The New York Times today published a remarkable piece by Greg Smith titled, “Why I am Leaving Goldman Sachs”. It is remarkable for the courage of the author to write it, for the Grey Lady to publish it, and because it describes one of the fundamental misconceptions that is hurting America’s corporations. I strongly urge you to read it and reap.
Now, more than ever, we need courage not cowardice. Investing in people, inspiring them, inviting them to contribute and serve, and trusting them to do their best, live and work with integrity and set examples for the rest of us – these are the needed steps now to rev up our engines. Employees are tired and burned out (our free Job Burnout Survey receives some of the highest traffic on our website) and the last thing they need to hear is that they are going to be asked to do even more with less. Instead, they need to be asked, “What can you contribute that will put us back on the road to greatness?” and, “As your leader, how can I serve you best to make that happen?”
Failing to grasp this essential wisdom will result in many familiar names dropping off Fortune’s recently published Most Admired Companies list next year.
UPDATE: This article appeared in the New York Times the day after this blog was posted and a subsequent Op-Ed piece in the NYT by Joe Nocera is an excellent addition to the conversation.
Thank you for continually inspiring me in all that I do.

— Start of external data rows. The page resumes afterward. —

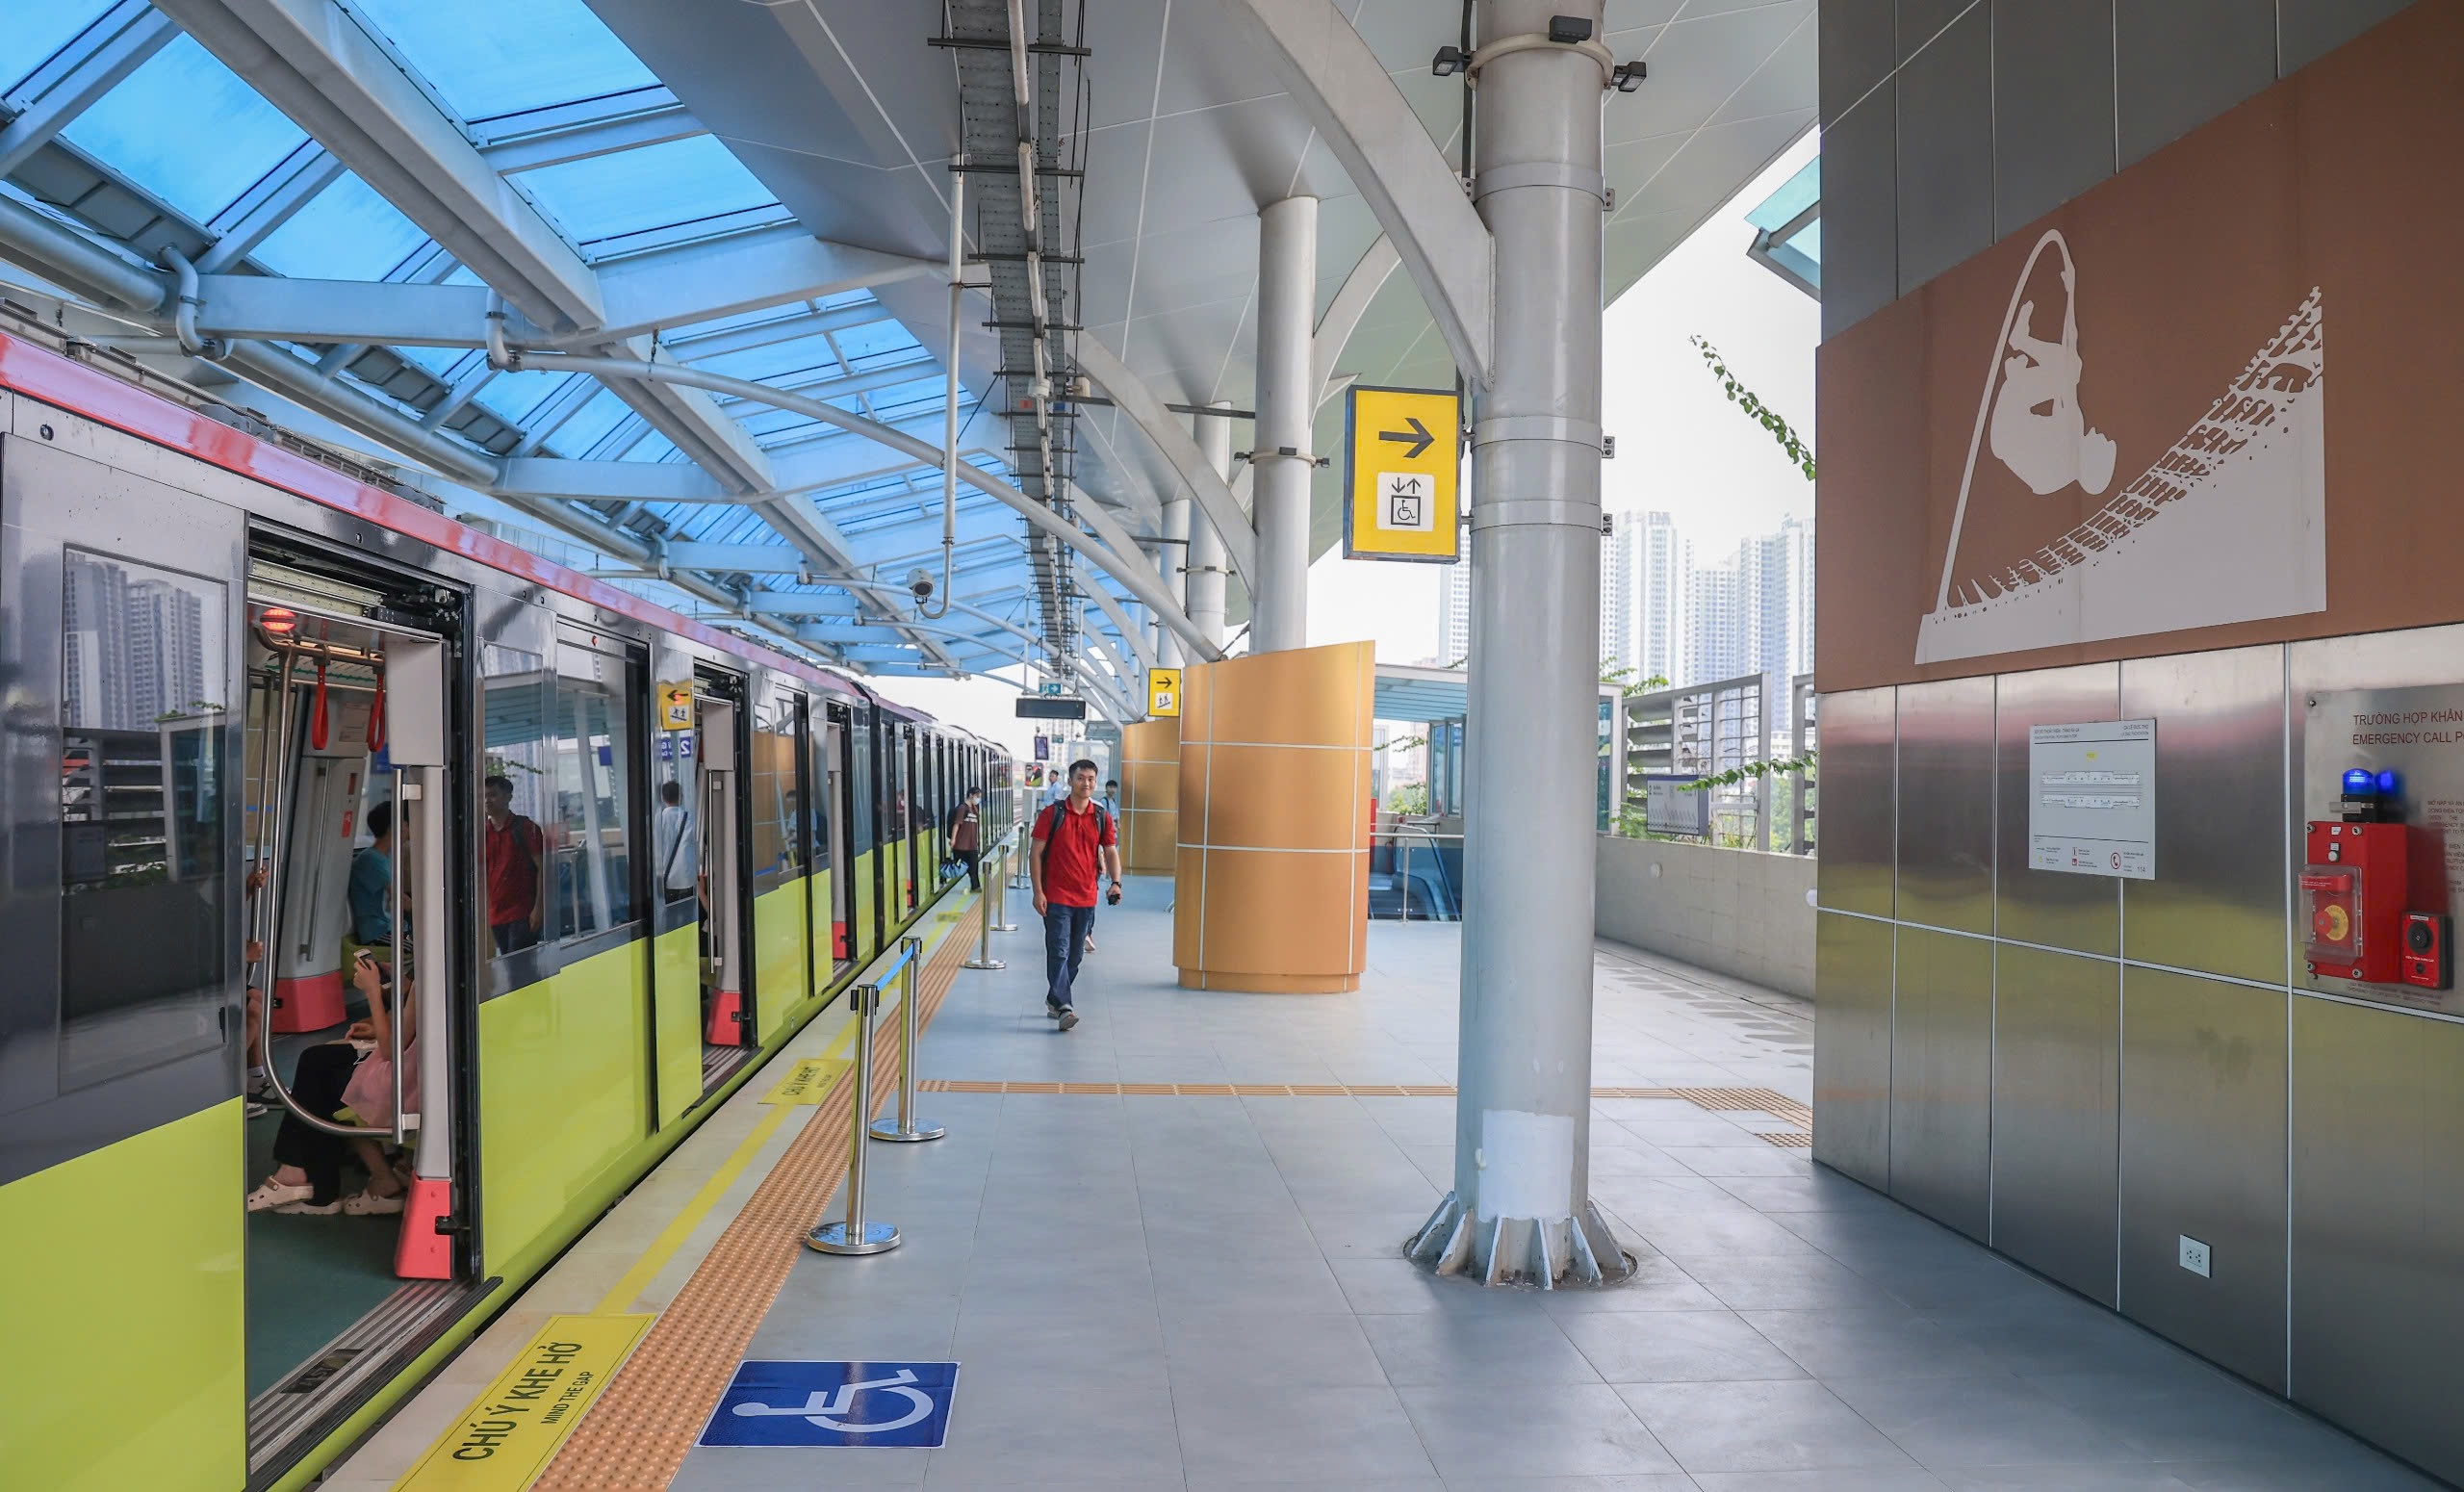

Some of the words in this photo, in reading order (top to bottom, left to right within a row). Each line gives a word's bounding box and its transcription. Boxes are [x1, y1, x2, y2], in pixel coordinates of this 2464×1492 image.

[2352, 711, 2400, 725] TRƯỜNG
[2352, 732, 2421, 745] EMERGENCY
[2424, 732, 2452, 743] CALL
[504, 1369, 564, 1400] KHE
[540, 1403, 570, 1424] MIND
[558, 1387, 583, 1402] THE
[572, 1371, 594, 1386] GAP
[484, 1404, 530, 1416] Ý
[452, 1421, 517, 1460] CHÚ
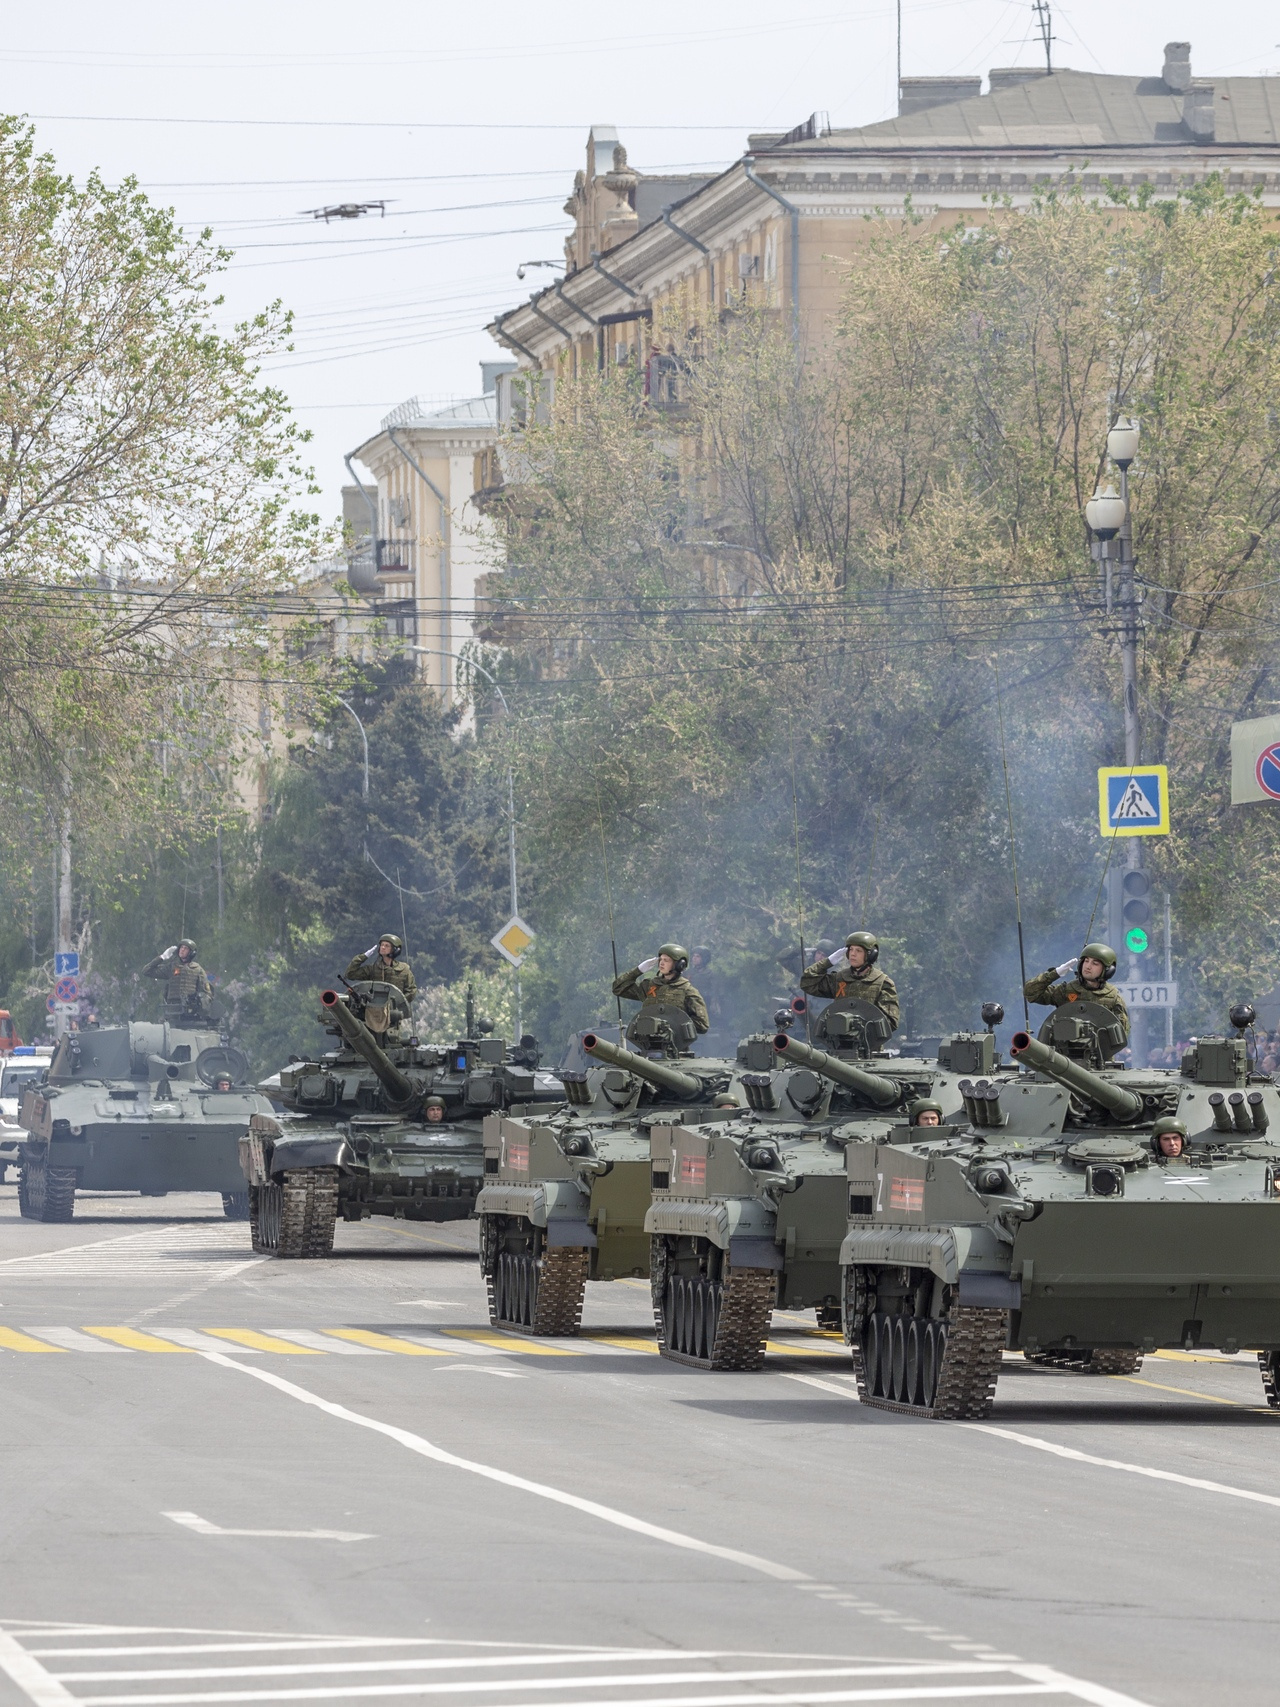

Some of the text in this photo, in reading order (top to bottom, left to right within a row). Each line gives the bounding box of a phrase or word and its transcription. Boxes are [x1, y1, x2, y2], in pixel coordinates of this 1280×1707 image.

[1118, 987, 1168, 1003] ТОП
[672, 1149, 677, 1183] Z
[876, 1173, 884, 1212] Z
[1161, 1176, 1210, 1185] Z

Thanks Carol – please see the update at the foot of this blog.
First of all – I like Mr. Smith. Lance – maybe you should hire him 😉
As long as investors feel the share price is more important than the stock dividend you will not find Managers (they are miles away from Leaders) who think in longterm strategies. They are pressed by investors to increase the share price within 3 Months. So companies have to replace their short-term thinking investors with shareholders who are more like stakeholders.
But if that is not possible for the moment, there is a Plan B: Go to your next most important Stakeholder – your Customer!
Customers of today are more and more interested in Social Responsibilty and will stay with a company who is concerned about this. So if there are Managers who want to lead in a new story-way, they can use their customers as advocates to convince short-term shareholder that Ethics is a Moneymaker and a share-price driver.
I think Greg Smith has done exactly this with Goldman Clients. Maybe many of them will break their relationship and move on to a more customer-friendly bank!
I salute Mr. Smith and he is an ispiration to other leaders who are
trying to change old traditional corporate culture. He is a courageous
and enlightened individual who I would be proud to know.
Greatness occurs in “power with” and not “power over”.